Exact copies of all the lines below are wanted, without a single picture.

Records for this exercise ::
■ ■ ■

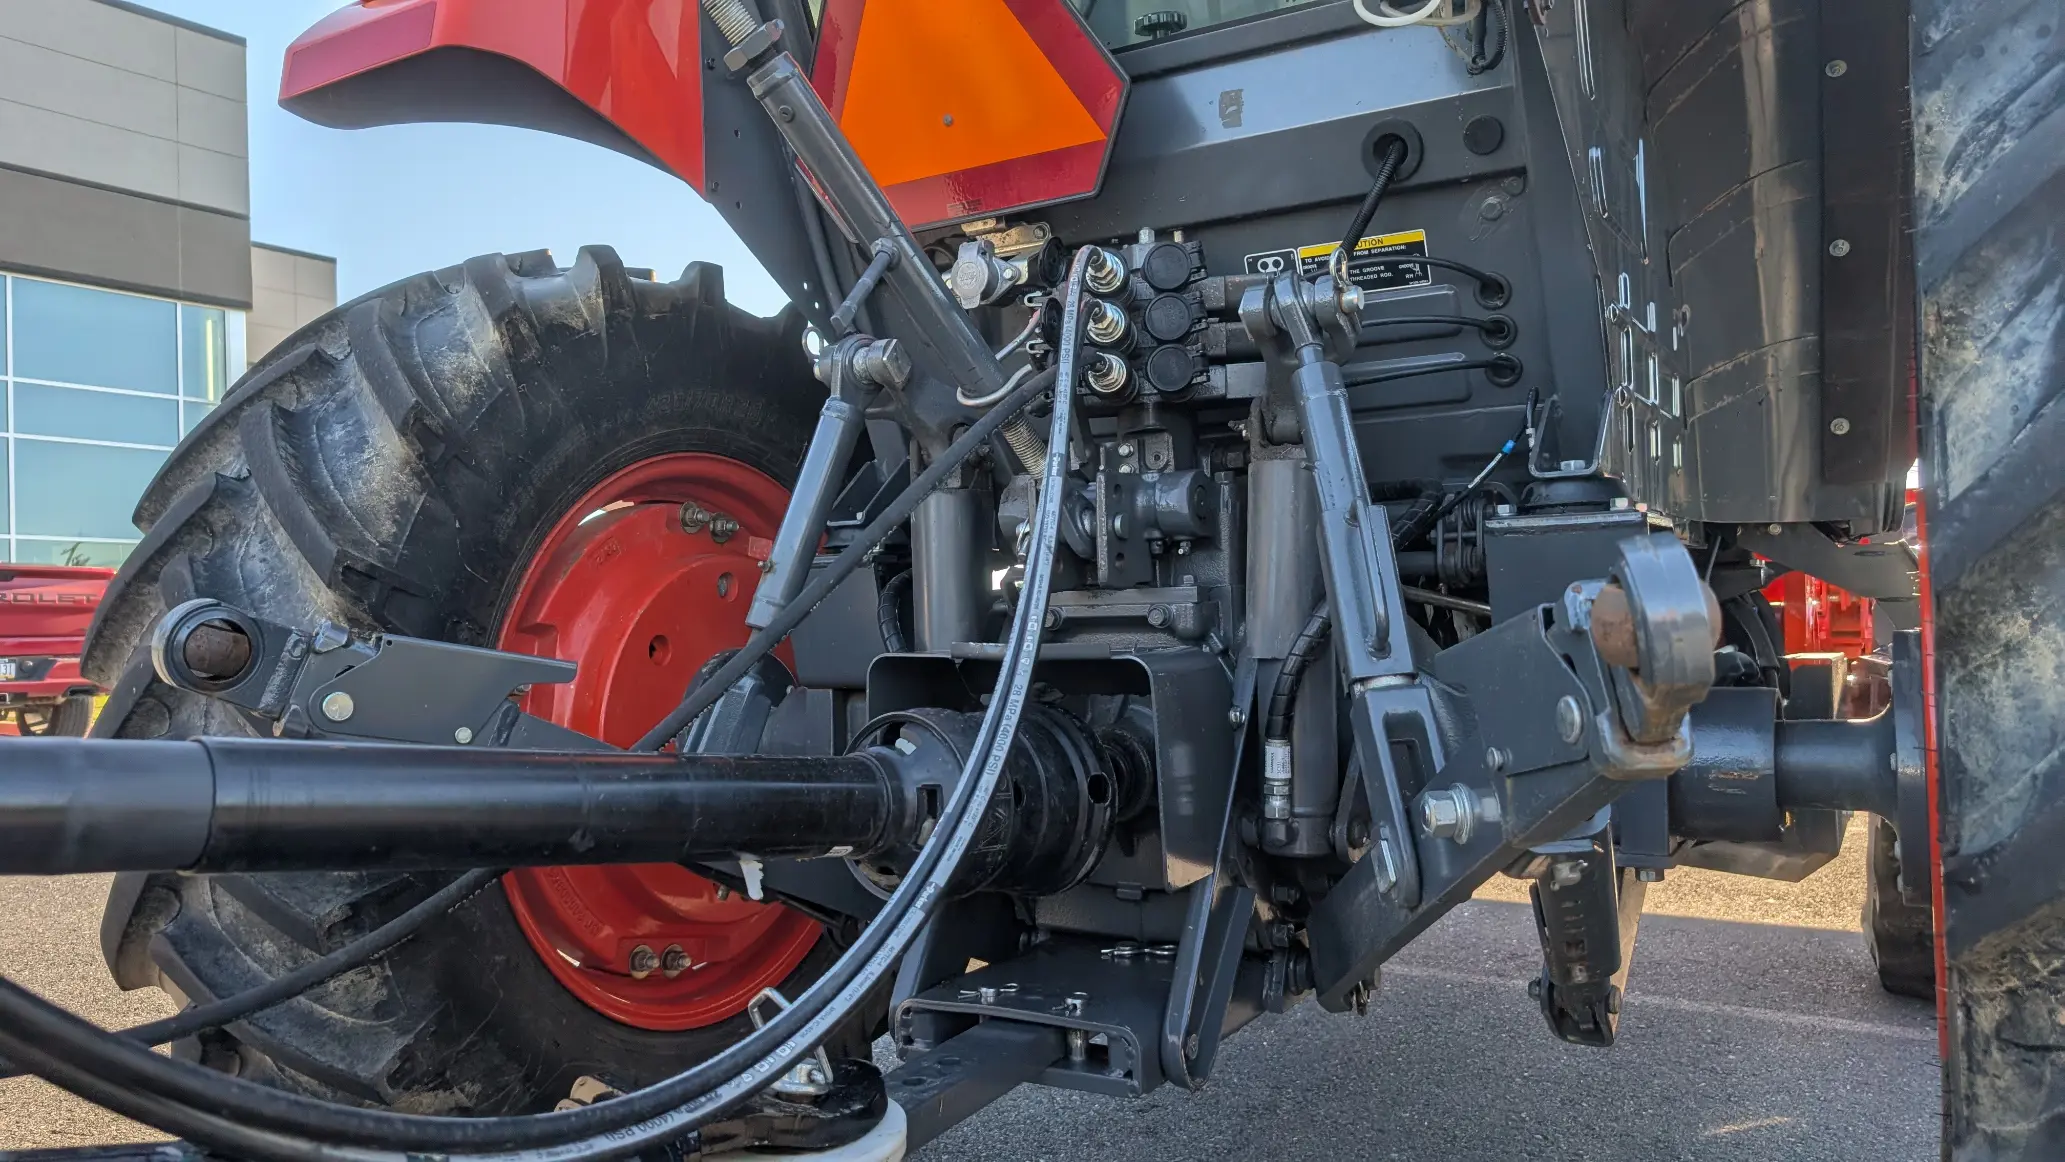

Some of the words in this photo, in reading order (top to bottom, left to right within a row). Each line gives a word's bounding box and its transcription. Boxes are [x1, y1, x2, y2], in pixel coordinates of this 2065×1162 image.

[1353, 249, 1370, 257] FROM
[1356, 238, 1384, 250] UTION
[1362, 265, 1385, 273] GROOVE
[1052, 455, 1060, 476] Parker
[1013, 684, 1023, 696] 28
[1005, 699, 1019, 721] MPa
[994, 724, 1012, 752] (4000
[985, 754, 1001, 776] PSI)
[914, 884, 935, 909] Parker
[636, 1113, 675, 1133] (4000
[604, 1129, 636, 1141] PSI)

■ ■ ■

Answer box ::
Some of the words in this photo, in reading order (top to bottom, left to right within a row). Each line gives a word's bounding box and its transcription. Boxes are [x1, y1, x2, y2], in pixel coordinates of this 2065×1162 image.

[1353, 249, 1370, 257] FROM
[1356, 238, 1384, 250] UTION
[1362, 265, 1385, 273] GROOVE
[1052, 455, 1060, 476] Parker
[1013, 684, 1023, 696] 28
[1005, 699, 1019, 721] MPa
[994, 724, 1012, 752] (4000
[985, 754, 1001, 776] PSI)
[914, 884, 935, 909] Parker
[636, 1113, 675, 1133] (4000
[604, 1129, 636, 1141] PSI)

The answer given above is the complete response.